ACTIVITY |
Once the pictures are removed, output the remaining entries exactly as given.

[Images for object localization]
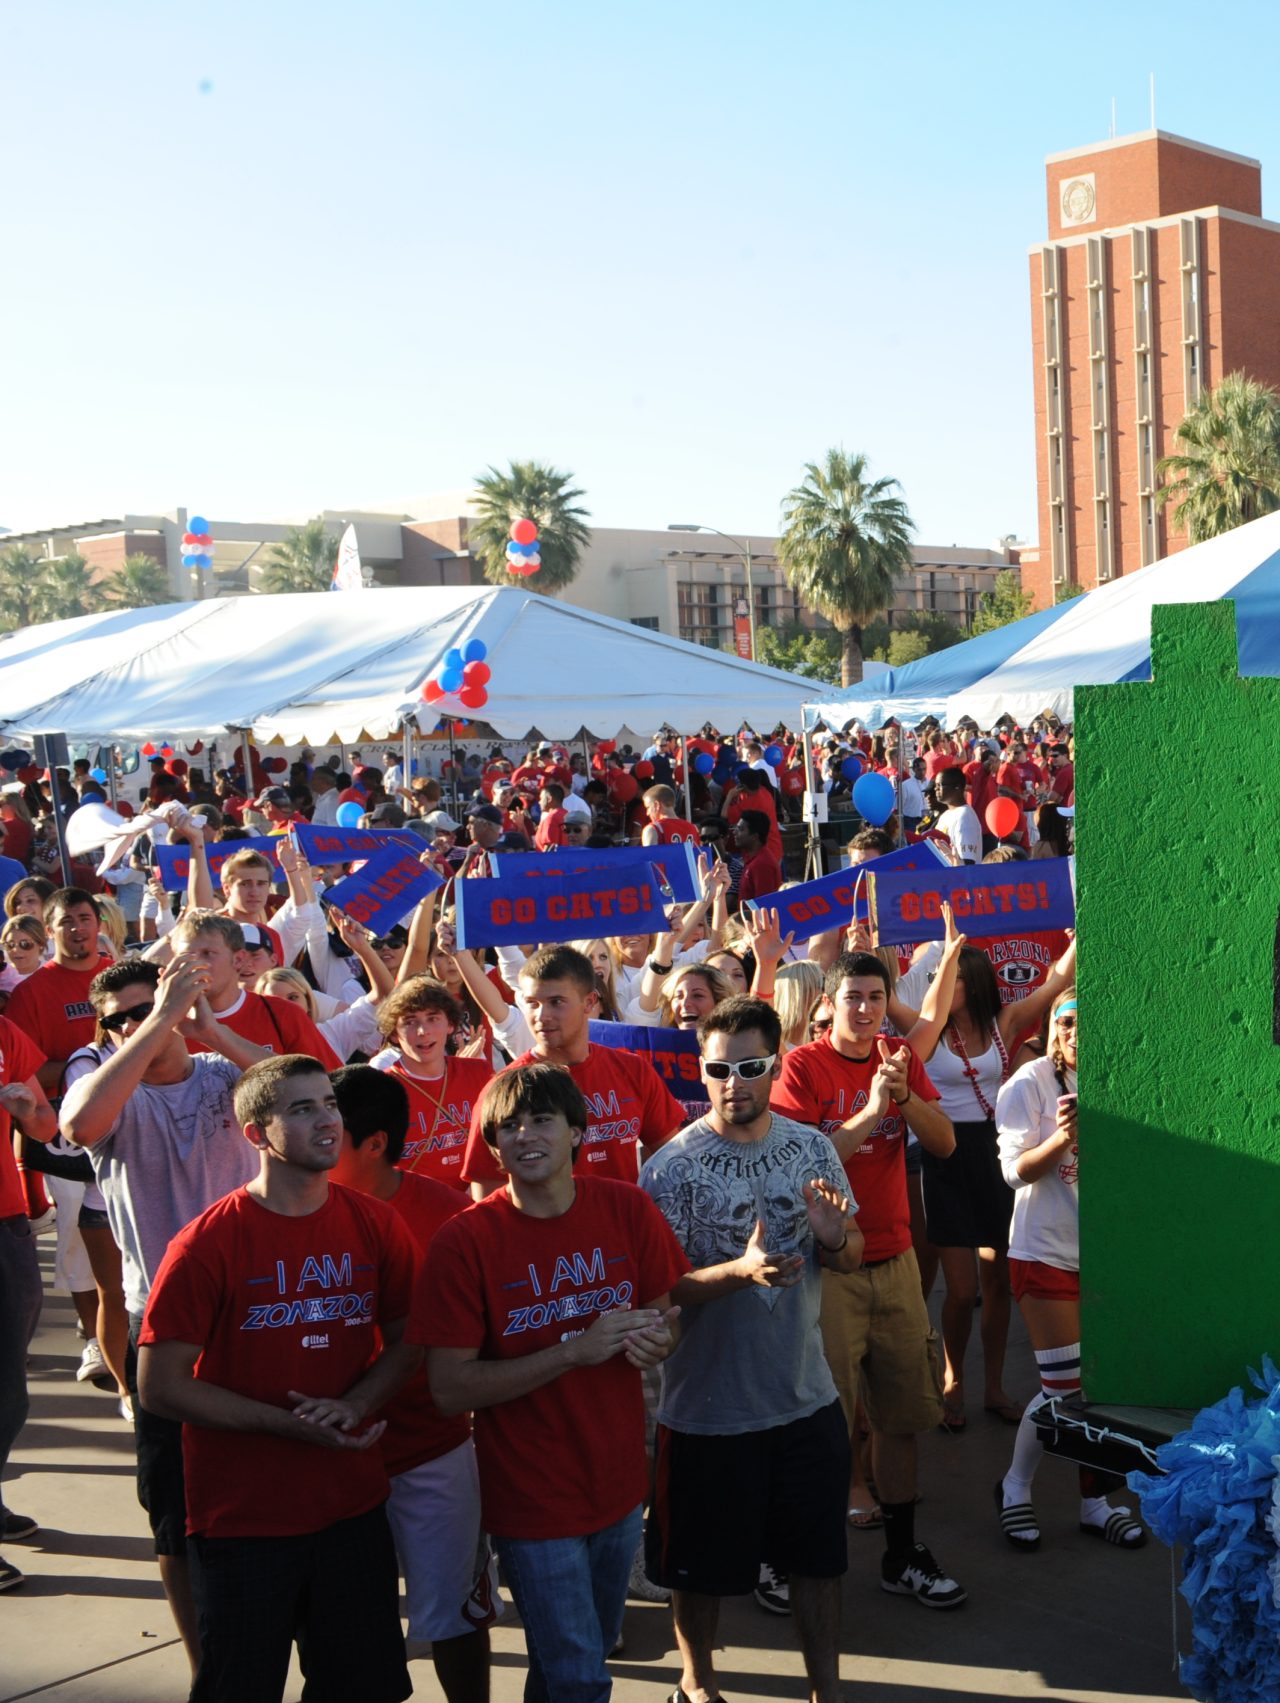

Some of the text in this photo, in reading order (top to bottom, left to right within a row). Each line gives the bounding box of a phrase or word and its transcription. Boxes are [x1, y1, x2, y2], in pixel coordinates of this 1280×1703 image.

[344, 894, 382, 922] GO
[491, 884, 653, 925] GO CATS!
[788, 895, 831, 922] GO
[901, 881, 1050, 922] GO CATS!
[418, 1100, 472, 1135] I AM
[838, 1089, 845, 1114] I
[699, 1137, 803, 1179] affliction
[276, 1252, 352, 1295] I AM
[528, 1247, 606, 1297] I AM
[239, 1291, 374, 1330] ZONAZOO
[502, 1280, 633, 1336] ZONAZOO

REPLY |
Some of the text in this photo, in reading order (top to bottom, left to right within a row). Each line gives the bounding box of a phrase or word and its transcription. Boxes are [x1, y1, x2, y2], in pixel coordinates of this 1280×1703 image.

[344, 894, 382, 922] GO
[491, 884, 653, 925] GO CATS!
[788, 895, 831, 922] GO
[901, 881, 1050, 922] GO CATS!
[418, 1100, 472, 1135] I AM
[838, 1089, 845, 1114] I
[699, 1137, 803, 1179] affliction
[276, 1252, 352, 1295] I AM
[528, 1247, 606, 1297] I AM
[239, 1291, 374, 1330] ZONAZOO
[502, 1280, 633, 1336] ZONAZOO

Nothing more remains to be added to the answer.